Best 20 Questions Questions

Discussion in 'Probability' started by HumingBean, Jan 10, 2007.

  1. HumingBean

    HumingBean Guest

    In the game of 20 Questions you may ask only Yes or No questions to try
    to guess a target such as a pencil or Elvis Presley in as few questions
    as possible. Please assume that I've determined the target is one of
    the Three Stooges, Larry, Curly or Moe.

    Which of the following, Question A or Question B, is better to lead off
    with?

    Question A: Is it Larry?

    Question B: Is it someone other than Larry?

    (Note that in both questions above I chose Larry arbitrarily.)

    If the answer to Question A is Yes then I solved it in one question,
    and that will happen 33% of the time.

    If the answer to Question A is No, which will happen 67% of the time,
    then I've got a 50% chance of solving it in a total of two questions
    (Is it Larry? No. Is it Moe? Yes.) and a 50% chance of solving it in
    three (Is it Larry? No. Is it Curly? No. Is it Moe? Yes.).

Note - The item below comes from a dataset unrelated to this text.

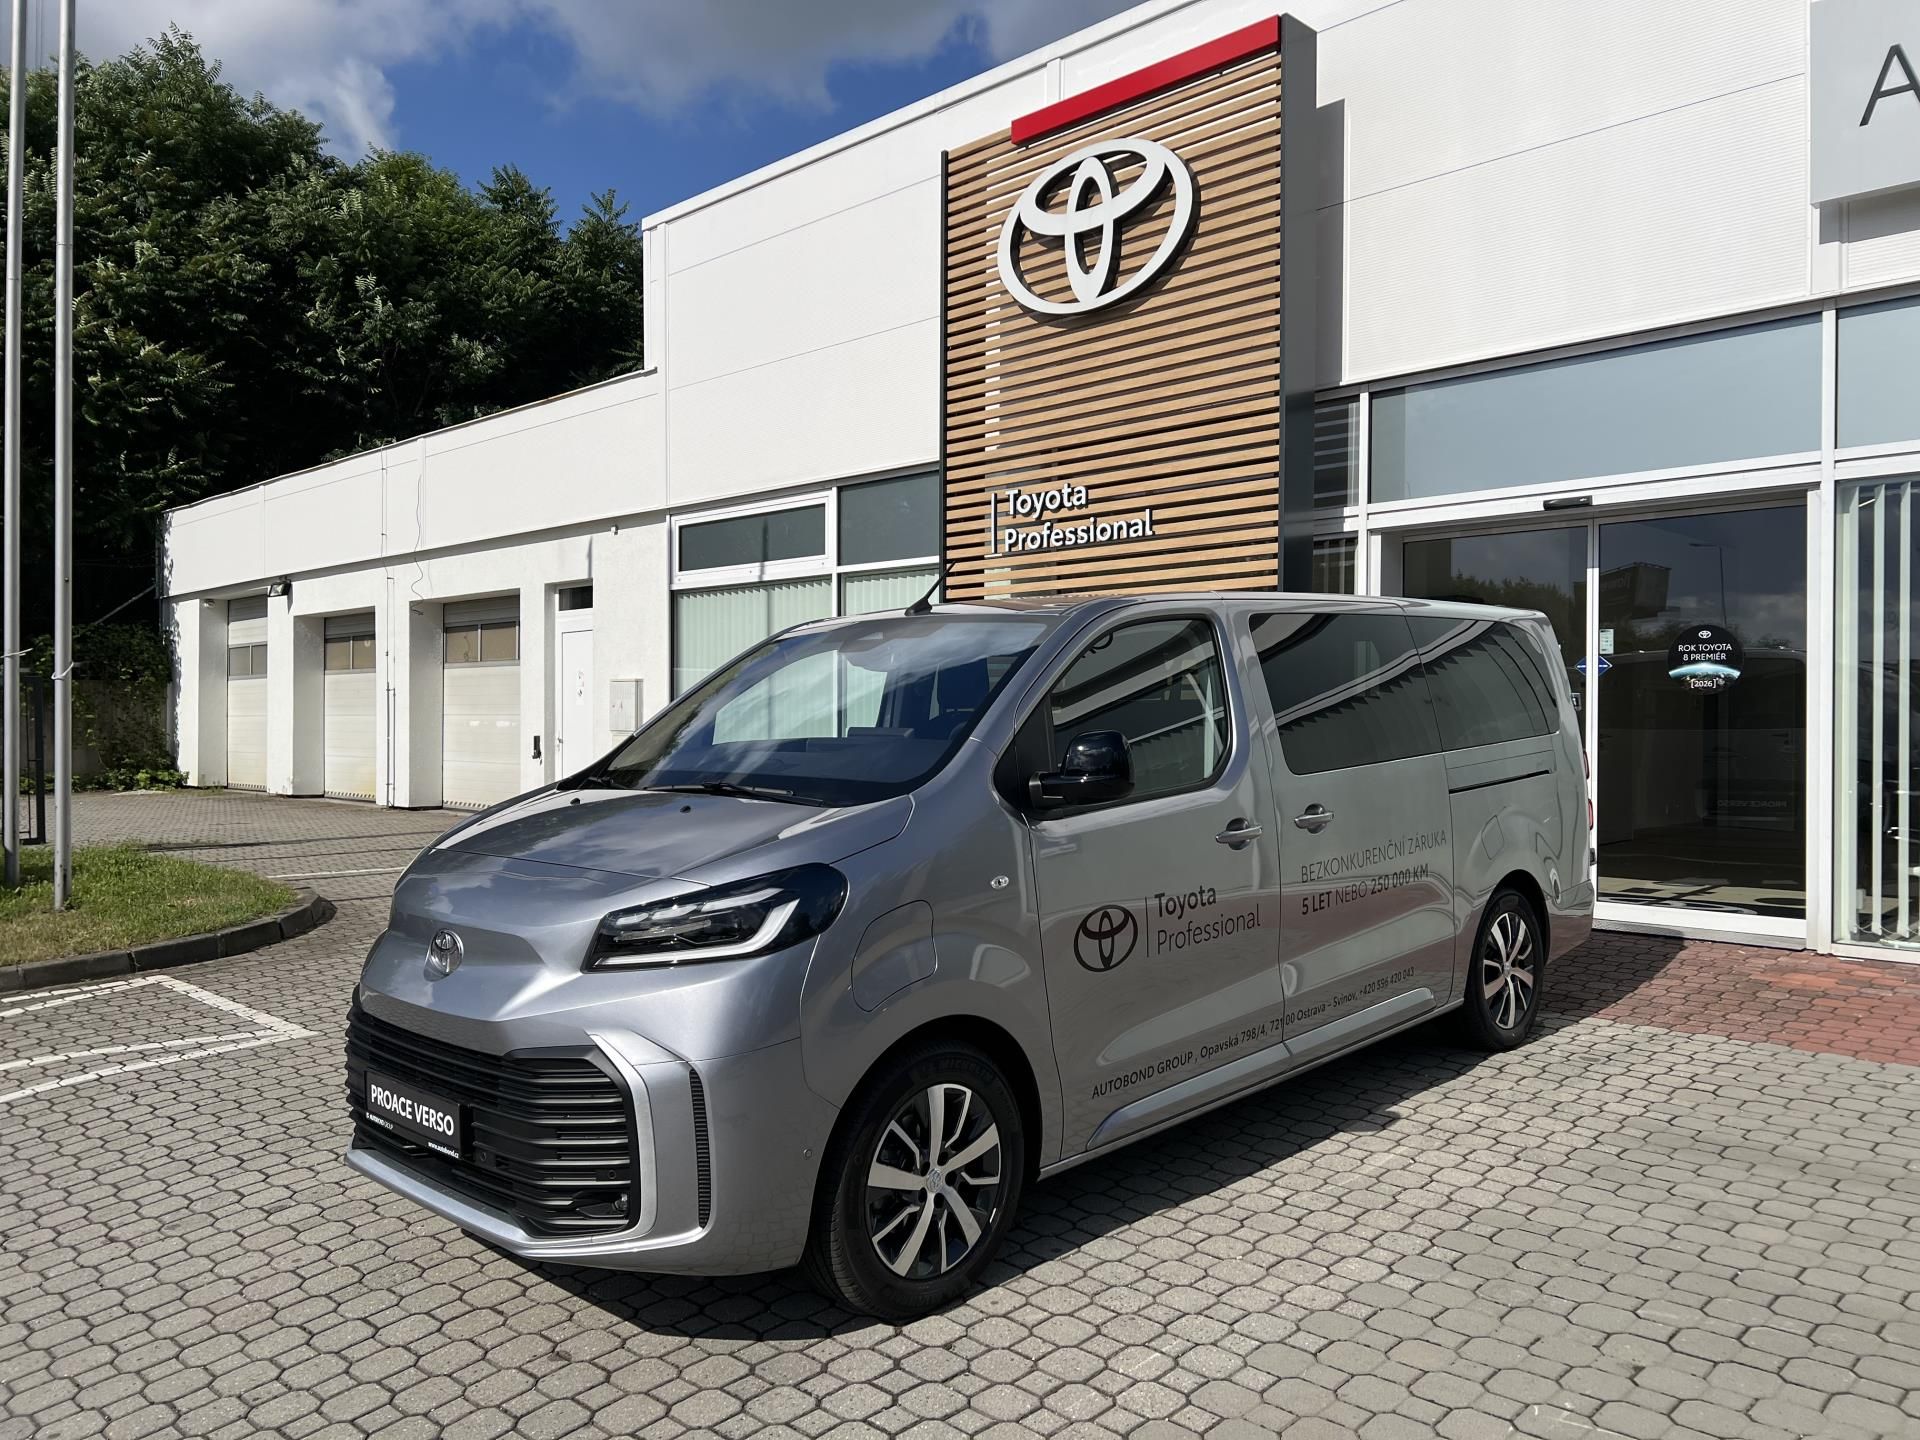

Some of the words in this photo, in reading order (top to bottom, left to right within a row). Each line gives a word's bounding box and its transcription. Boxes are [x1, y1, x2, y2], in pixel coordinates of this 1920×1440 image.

    If the answer to Question B is No then I've solved it in two questions
    (Is it someone other than Larry? No. Is it Larry? Yes.), which will
    happen 33% of the time.

    If the answer to Question B is Yes, which will happen 67% of the time,
    then I've got a 50% chance of solving it in a total of two questions
    (Is it someone other than Larry? Yes. Is it Moe? Yes.) and a 50%
    chance of solving it in three (Is it someone other than Larry? Yes. Is
    it Curly? No. Is it Moe? Yes.)

    Accordingly, I conclude I should start with Question A, not Question B.
    Have I analyzed this correctly? If so, is there a way to express in
    math terms what I've written in prose? If if have not analyzed this
    correctly, what is the reasoning I should have used?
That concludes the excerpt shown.